**Your instructions:** Without any alteration, retype the records that appear below.

(Saved entries)
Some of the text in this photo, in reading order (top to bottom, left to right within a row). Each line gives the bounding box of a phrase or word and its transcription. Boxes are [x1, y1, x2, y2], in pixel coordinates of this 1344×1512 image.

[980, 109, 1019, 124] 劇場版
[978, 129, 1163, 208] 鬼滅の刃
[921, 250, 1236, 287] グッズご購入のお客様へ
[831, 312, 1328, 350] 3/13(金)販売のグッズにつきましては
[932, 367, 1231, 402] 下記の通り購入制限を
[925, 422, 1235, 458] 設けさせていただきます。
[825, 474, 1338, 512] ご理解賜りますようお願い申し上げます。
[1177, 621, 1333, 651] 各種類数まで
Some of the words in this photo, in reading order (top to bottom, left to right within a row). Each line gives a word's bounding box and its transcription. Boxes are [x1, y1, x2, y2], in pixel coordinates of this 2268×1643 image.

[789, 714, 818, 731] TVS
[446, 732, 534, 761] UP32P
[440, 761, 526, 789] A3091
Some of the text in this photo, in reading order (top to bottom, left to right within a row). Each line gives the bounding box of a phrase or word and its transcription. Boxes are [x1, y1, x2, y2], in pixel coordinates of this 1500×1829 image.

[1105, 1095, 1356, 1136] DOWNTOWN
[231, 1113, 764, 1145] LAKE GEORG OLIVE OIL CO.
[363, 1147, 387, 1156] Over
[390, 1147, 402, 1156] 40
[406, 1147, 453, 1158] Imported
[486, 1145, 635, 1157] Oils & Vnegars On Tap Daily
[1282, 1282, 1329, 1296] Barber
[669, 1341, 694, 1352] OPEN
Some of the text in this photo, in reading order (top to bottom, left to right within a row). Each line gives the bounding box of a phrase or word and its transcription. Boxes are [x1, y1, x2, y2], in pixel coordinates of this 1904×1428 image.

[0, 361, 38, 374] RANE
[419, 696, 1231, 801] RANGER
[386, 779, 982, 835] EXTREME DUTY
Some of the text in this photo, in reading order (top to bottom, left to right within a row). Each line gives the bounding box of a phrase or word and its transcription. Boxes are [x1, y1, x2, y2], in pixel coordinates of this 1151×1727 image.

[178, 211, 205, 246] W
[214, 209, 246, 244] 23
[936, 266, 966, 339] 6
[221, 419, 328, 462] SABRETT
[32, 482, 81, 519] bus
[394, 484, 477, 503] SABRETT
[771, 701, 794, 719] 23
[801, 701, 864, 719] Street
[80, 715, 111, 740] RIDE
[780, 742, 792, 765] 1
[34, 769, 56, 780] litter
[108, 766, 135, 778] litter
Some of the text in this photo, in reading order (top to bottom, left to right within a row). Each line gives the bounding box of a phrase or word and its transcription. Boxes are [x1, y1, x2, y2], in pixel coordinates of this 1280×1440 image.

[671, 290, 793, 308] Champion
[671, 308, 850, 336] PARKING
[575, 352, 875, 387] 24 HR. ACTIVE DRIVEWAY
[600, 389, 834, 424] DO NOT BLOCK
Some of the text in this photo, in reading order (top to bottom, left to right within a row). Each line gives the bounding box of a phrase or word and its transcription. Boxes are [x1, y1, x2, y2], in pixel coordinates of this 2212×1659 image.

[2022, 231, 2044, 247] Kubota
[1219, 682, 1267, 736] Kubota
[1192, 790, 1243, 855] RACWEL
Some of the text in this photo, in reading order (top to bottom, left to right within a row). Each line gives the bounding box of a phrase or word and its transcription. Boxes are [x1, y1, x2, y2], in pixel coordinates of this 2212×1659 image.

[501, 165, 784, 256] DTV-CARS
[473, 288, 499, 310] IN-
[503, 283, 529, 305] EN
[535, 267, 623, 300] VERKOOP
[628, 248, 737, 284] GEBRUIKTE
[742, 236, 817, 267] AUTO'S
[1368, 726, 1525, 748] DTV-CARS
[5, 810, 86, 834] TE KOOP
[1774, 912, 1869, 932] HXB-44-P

**Your solution:**
Some of the text in this photo, in reading order (top to bottom, left to right within a row). Each line gives the bounding box of a phrase or word and its transcription. Boxes are [x1, y1, x2, y2], in pixel coordinates of this 1344×1512 image.

[980, 109, 1019, 124] 劇場版
[978, 129, 1163, 208] 鬼滅の刃
[921, 250, 1236, 287] グッズご購入のお客様へ
[831, 312, 1328, 350] 3/13(金)販売のグッズにつきましては
[932, 367, 1231, 402] 下記の通り購入制限を
[925, 422, 1235, 458] 設けさせていただきます。
[825, 474, 1338, 512] ご理解賜りますようお願い申し上げます。
[1177, 621, 1333, 651] 各種類数まで
Some of the words in this photo, in reading order (top to bottom, left to right within a row). Each line gives a word's bounding box and its transcription. Boxes are [x1, y1, x2, y2], in pixel coordinates of this 2268×1643 image.

[789, 714, 818, 731] TVS
[446, 732, 534, 761] UP32P
[440, 761, 526, 789] A3091
Some of the text in this photo, in reading order (top to bottom, left to right within a row). Each line gives the bounding box of a phrase or word and its transcription. Boxes are [x1, y1, x2, y2], in pixel coordinates of this 1500×1829 image.

[1105, 1095, 1356, 1136] DOWNTOWN
[231, 1113, 764, 1145] LAKE GEORG OLIVE OIL CO.
[363, 1147, 387, 1156] Over
[390, 1147, 402, 1156] 40
[406, 1147, 453, 1158] Imported
[486, 1145, 635, 1157] Oils & Vnegars On Tap Daily
[1282, 1282, 1329, 1296] Barber
[669, 1341, 694, 1352] OPEN
Some of the text in this photo, in reading order (top to bottom, left to right within a row). Each line gives the bounding box of a phrase or word and its transcription. Boxes are [x1, y1, x2, y2], in pixel coordinates of this 1904×1428 image.

[0, 361, 38, 374] RANE
[419, 696, 1231, 801] RANGER
[386, 779, 982, 835] EXTREME DUTY
Some of the text in this photo, in reading order (top to bottom, left to right within a row). Each line gives the bounding box of a phrase or word and its transcription. Boxes are [x1, y1, x2, y2], in pixel coordinates of this 1151×1727 image.

[178, 211, 205, 246] W
[214, 209, 246, 244] 23
[936, 266, 966, 339] 6
[221, 419, 328, 462] SABRETT
[32, 482, 81, 519] bus
[394, 484, 477, 503] SABRETT
[771, 701, 794, 719] 23
[801, 701, 864, 719] Street
[80, 715, 111, 740] RIDE
[780, 742, 792, 765] 1
[34, 769, 56, 780] litter
[108, 766, 135, 778] litter
Some of the text in this photo, in reading order (top to bottom, left to right within a row). Each line gives the bounding box of a phrase or word and its transcription. Boxes are [x1, y1, x2, y2], in pixel coordinates of this 1280×1440 image.

[671, 290, 793, 308] Champion
[671, 308, 850, 336] PARKING
[575, 352, 875, 387] 24 HR. ACTIVE DRIVEWAY
[600, 389, 834, 424] DO NOT BLOCK
Some of the text in this photo, in reading order (top to bottom, left to right within a row). Each line gives the bounding box of a phrase or word and its transcription. Boxes are [x1, y1, x2, y2], in pixel coordinates of this 2212×1659 image.

[2022, 231, 2044, 247] Kubota
[1219, 682, 1267, 736] Kubota
[1192, 790, 1243, 855] RACWEL
Some of the text in this photo, in reading order (top to bottom, left to right within a row). Each line gives the bounding box of a phrase or word and its transcription. Boxes are [x1, y1, x2, y2], in pixel coordinates of this 2212×1659 image.

[501, 165, 784, 256] DTV-CARS
[473, 288, 499, 310] IN-
[503, 283, 529, 305] EN
[535, 267, 623, 300] VERKOOP
[628, 248, 737, 284] GEBRUIKTE
[742, 236, 817, 267] AUTO'S
[1368, 726, 1525, 748] DTV-CARS
[5, 810, 86, 834] TE KOOP
[1774, 912, 1869, 932] HXB-44-P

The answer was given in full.